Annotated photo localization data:

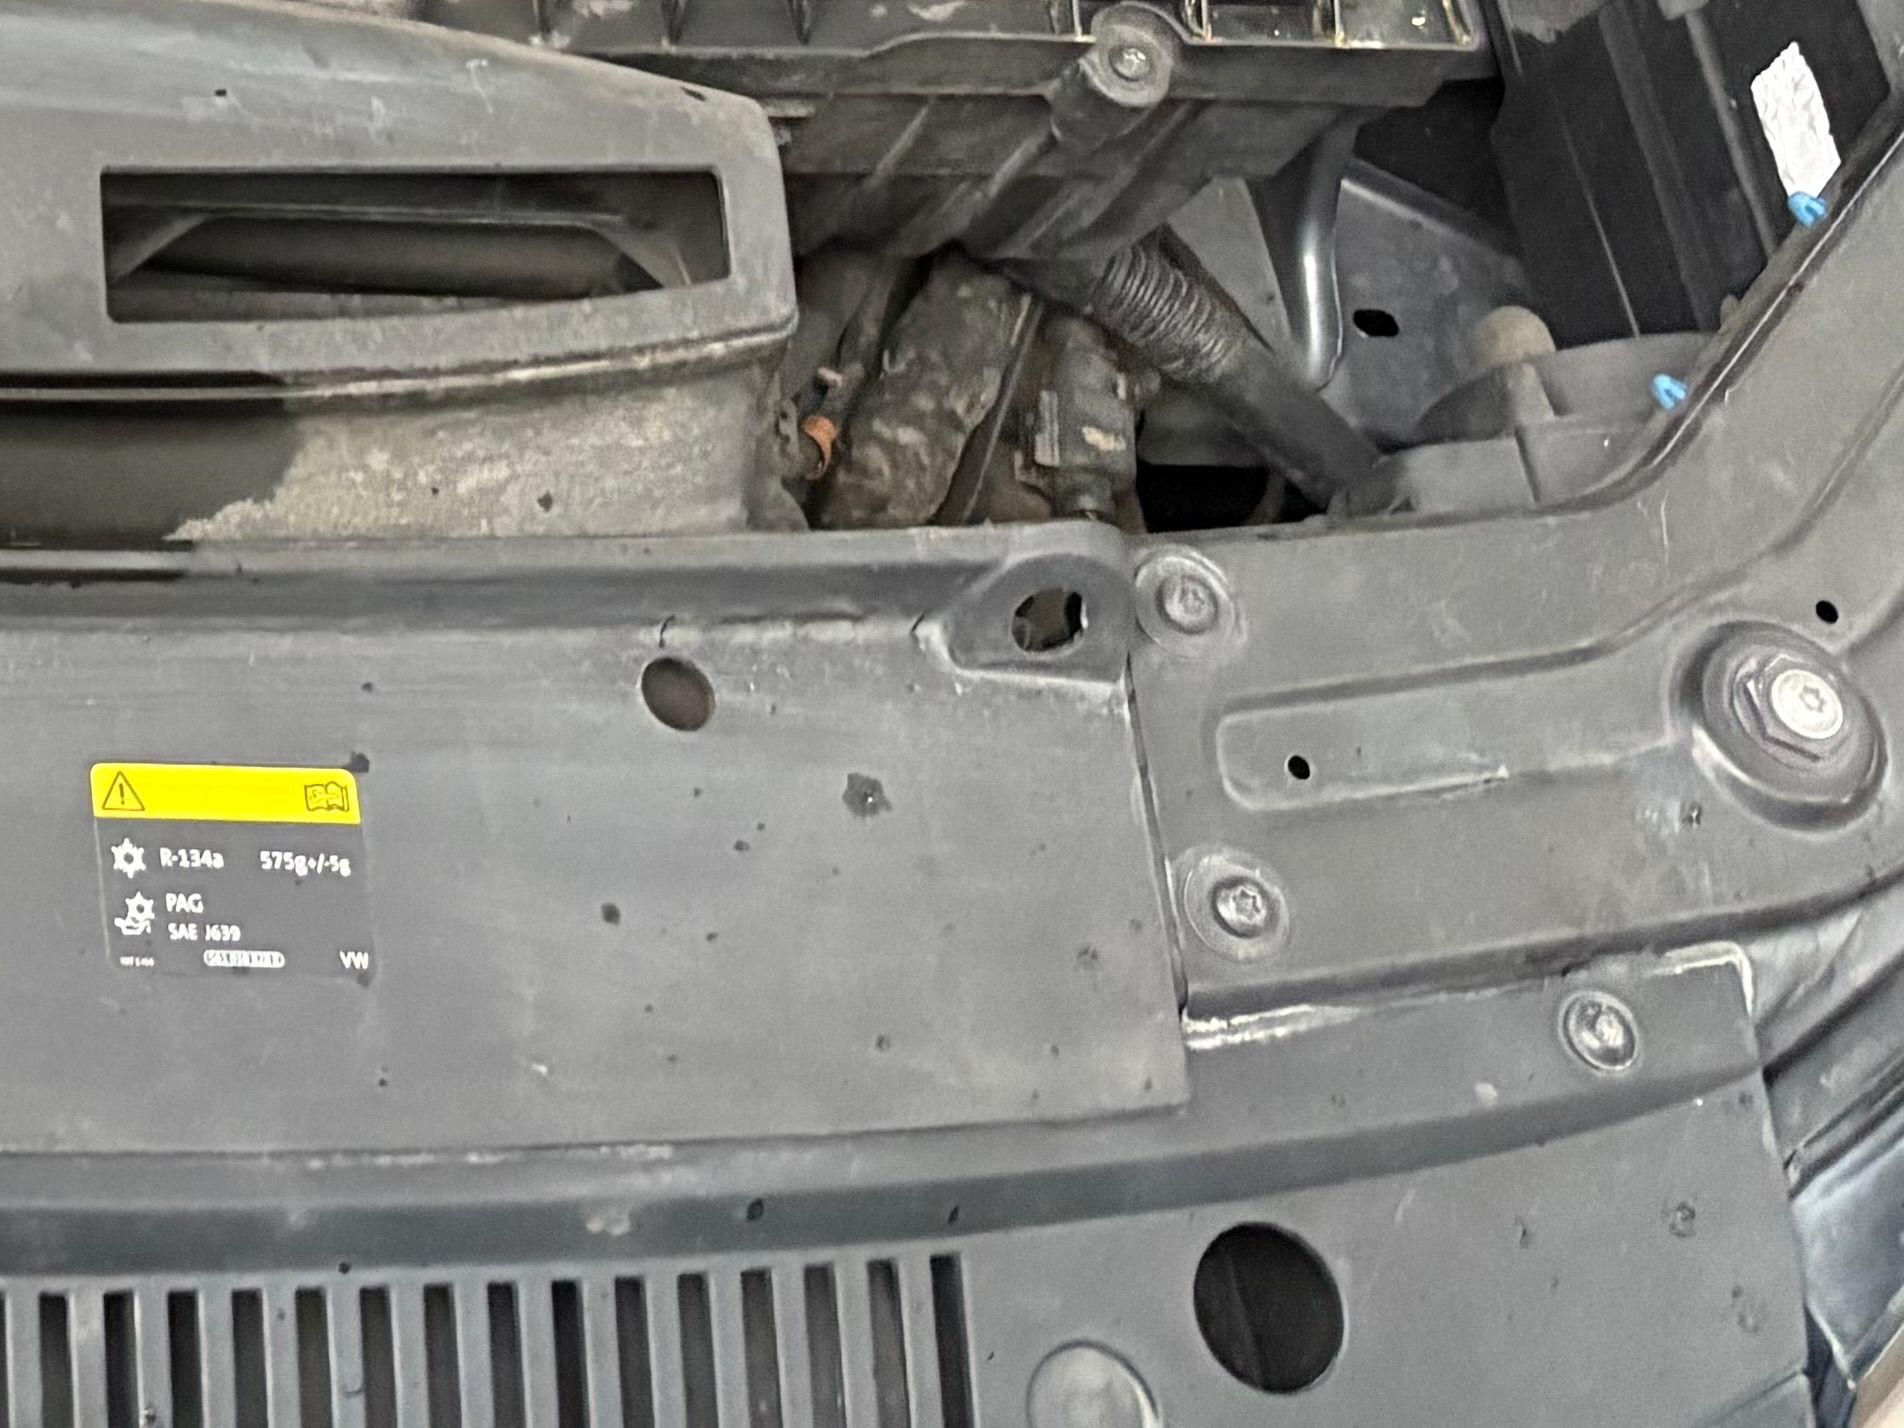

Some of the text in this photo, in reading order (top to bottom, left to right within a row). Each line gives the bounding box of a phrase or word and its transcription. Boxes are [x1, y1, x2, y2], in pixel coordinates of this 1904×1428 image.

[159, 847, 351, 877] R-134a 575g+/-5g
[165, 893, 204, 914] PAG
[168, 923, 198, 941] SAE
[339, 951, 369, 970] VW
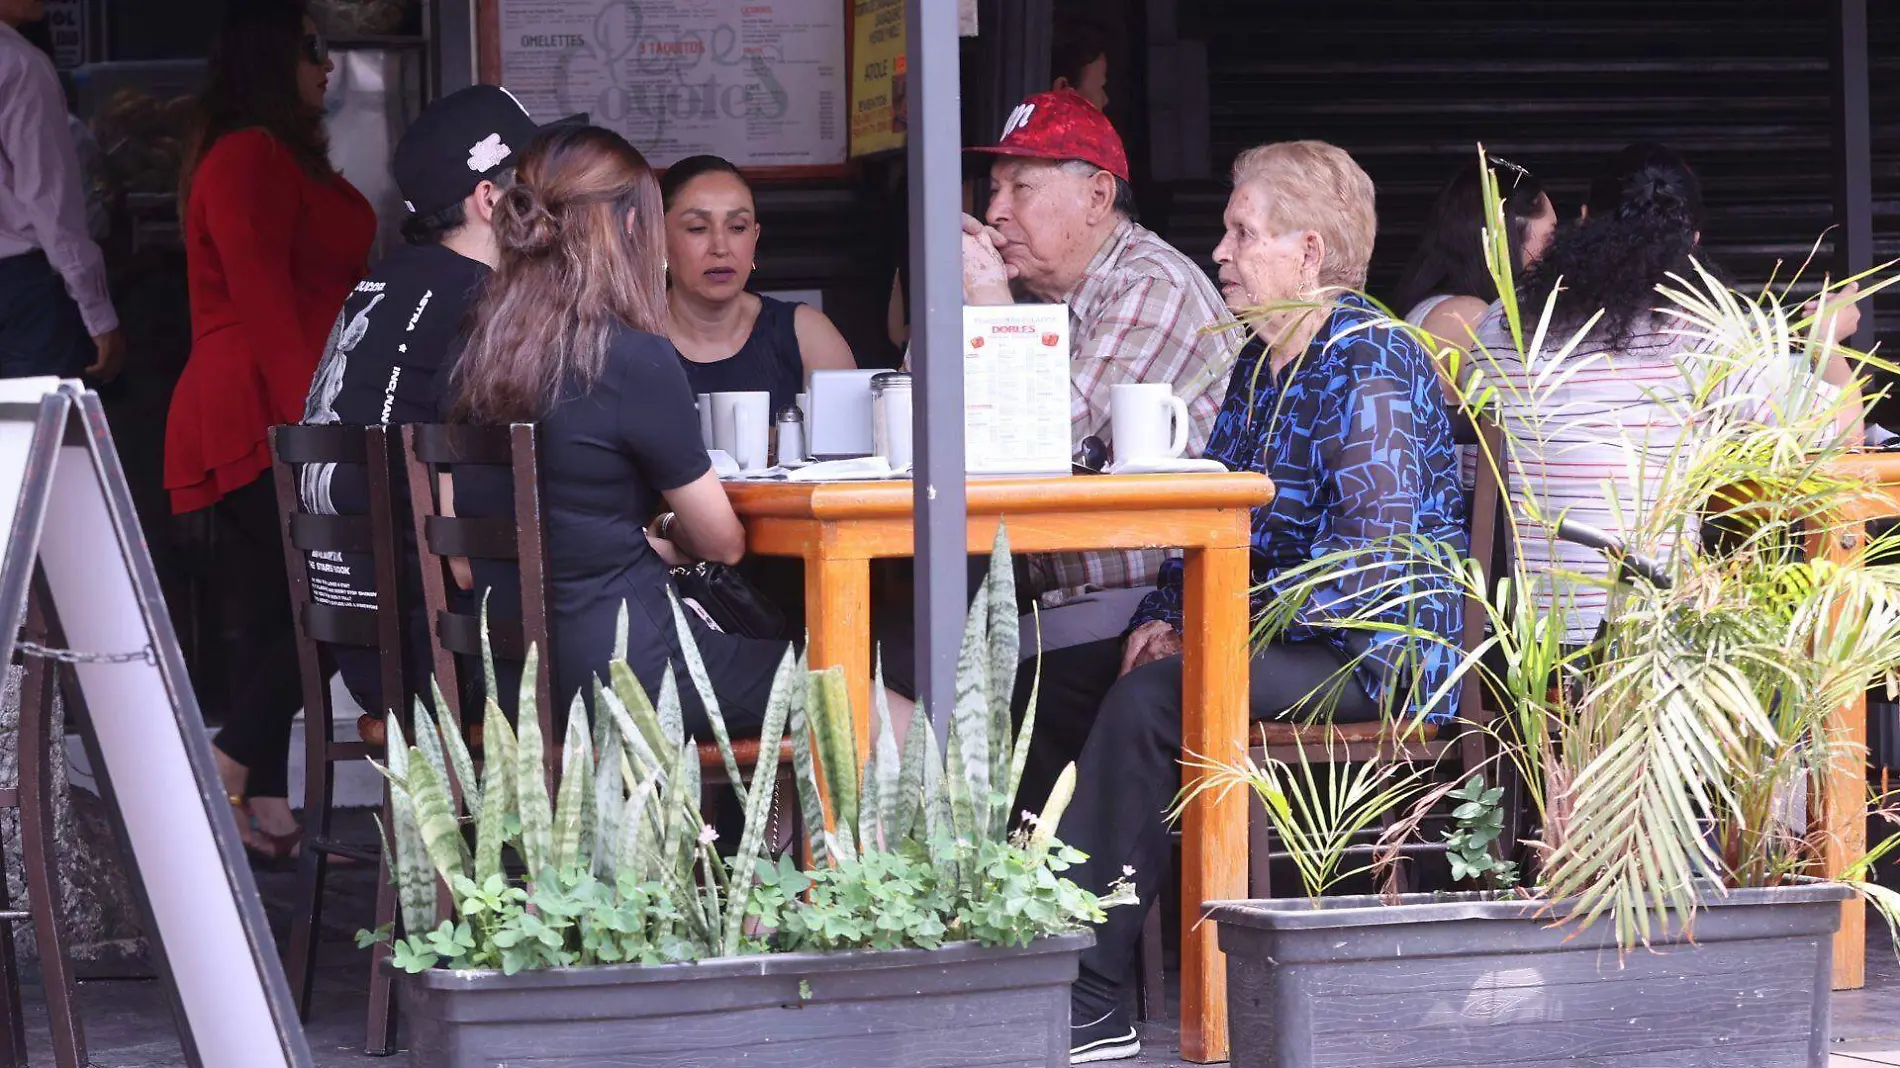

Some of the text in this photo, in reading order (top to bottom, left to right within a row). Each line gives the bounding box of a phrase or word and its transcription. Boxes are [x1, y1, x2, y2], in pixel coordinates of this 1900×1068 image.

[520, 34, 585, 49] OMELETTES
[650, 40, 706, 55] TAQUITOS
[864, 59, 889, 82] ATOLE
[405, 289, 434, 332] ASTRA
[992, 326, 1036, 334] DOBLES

Work item: Repeat each record as given. No picture belongs in the copy.

Answer:
Some of the text in this photo, in reading order (top to bottom, left to right within a row). Each line gives the bounding box of a phrase or word and its transcription. Boxes are [x1, y1, x2, y2], in pixel coordinates of this 1904×1428 image.

[159, 847, 351, 877] R-134a 575g+/-5g
[165, 893, 204, 914] PAG
[168, 923, 198, 941] SAE
[339, 951, 369, 970] VW

Some of the text in this photo, in reading order (top to bottom, left to right within a row). Each line gives the bounding box of a phrase or word and its transcription. Boxes are [x1, y1, x2, y2], in pixel coordinates of this 1900×1068 image.

[520, 34, 585, 49] OMELETTES
[650, 40, 706, 55] TAQUITOS
[864, 59, 889, 82] ATOLE
[405, 289, 434, 332] ASTRA
[992, 326, 1036, 334] DOBLES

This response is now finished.